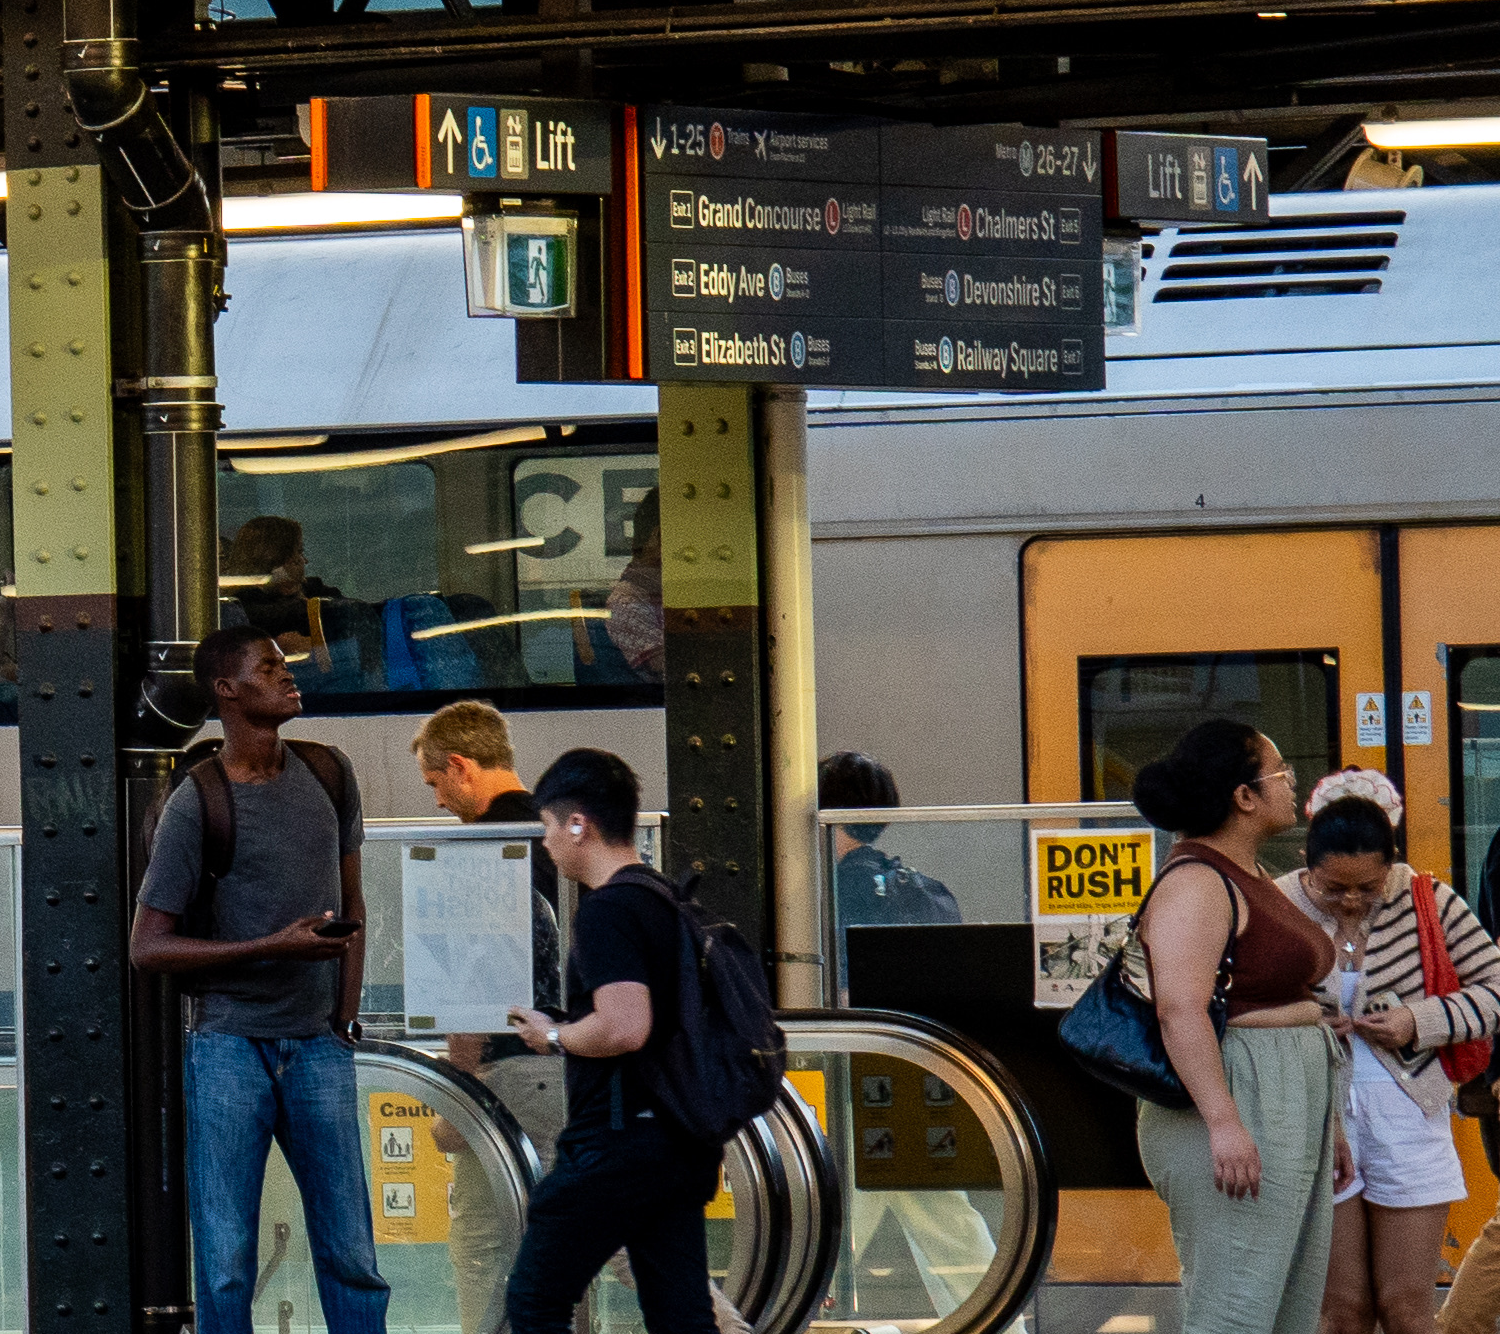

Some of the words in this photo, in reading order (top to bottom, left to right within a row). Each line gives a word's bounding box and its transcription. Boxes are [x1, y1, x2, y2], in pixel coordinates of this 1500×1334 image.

[535, 121, 576, 172] Lift
[670, 123, 705, 156] 1-25
[770, 131, 796, 150] Airport
[797, 135, 829, 151] services
[1036, 145, 1079, 176] 26-27
[1148, 154, 1182, 200] Lift
[672, 201, 686, 217] Exit
[698, 194, 742, 229] Grand
[745, 197, 821, 231] Concourse
[975, 208, 1039, 241] Chalmers
[1041, 210, 1055, 241] St
[674, 269, 687, 286] Exit
[688, 270, 694, 286] 2
[700, 263, 736, 303] Eddy
[738, 266, 765, 297] Ave
[785, 267, 809, 285] Buses
[921, 272, 943, 290] Buses
[964, 274, 1039, 306] Devonshire
[1042, 276, 1056, 307] St
[1062, 283, 1074, 299] Exit
[675, 338, 689, 355] Exit
[689, 339, 695, 356] 3
[701, 331, 769, 365] Elizabeth
[771, 334, 787, 366] St
[808, 335, 830, 353] Buses
[914, 339, 937, 356] Buses
[957, 340, 1008, 378] Railway
[1010, 341, 1057, 379] Square
[1195, 494, 1205, 508] 4
[1047, 842, 1141, 873] DON'T
[1047, 866, 1142, 899] RUSH

> [Description of the task]: Write out every record above exactly as it stands, but leave out the pictures.

> [Result for this task]:
Some of the words in this photo, in reading order (top to bottom, left to right within a row). Each line gives a word's bounding box and its transcription. Boxes are [x1, y1, x2, y2], in pixel coordinates of this 1500×1334 image.

[535, 121, 576, 172] Lift
[670, 123, 705, 156] 1-25
[770, 131, 796, 150] Airport
[797, 135, 829, 151] services
[1036, 145, 1079, 176] 26-27
[1148, 154, 1182, 200] Lift
[672, 201, 686, 217] Exit
[698, 194, 742, 229] Grand
[745, 197, 821, 231] Concourse
[975, 208, 1039, 241] Chalmers
[1041, 210, 1055, 241] St
[674, 269, 687, 286] Exit
[688, 270, 694, 286] 2
[700, 263, 736, 303] Eddy
[738, 266, 765, 297] Ave
[785, 267, 809, 285] Buses
[921, 272, 943, 290] Buses
[964, 274, 1039, 306] Devonshire
[1042, 276, 1056, 307] St
[1062, 283, 1074, 299] Exit
[675, 338, 689, 355] Exit
[689, 339, 695, 356] 3
[701, 331, 769, 365] Elizabeth
[771, 334, 787, 366] St
[808, 335, 830, 353] Buses
[914, 339, 937, 356] Buses
[957, 340, 1008, 378] Railway
[1010, 341, 1057, 379] Square
[1195, 494, 1205, 508] 4
[1047, 842, 1141, 873] DON'T
[1047, 866, 1142, 899] RUSH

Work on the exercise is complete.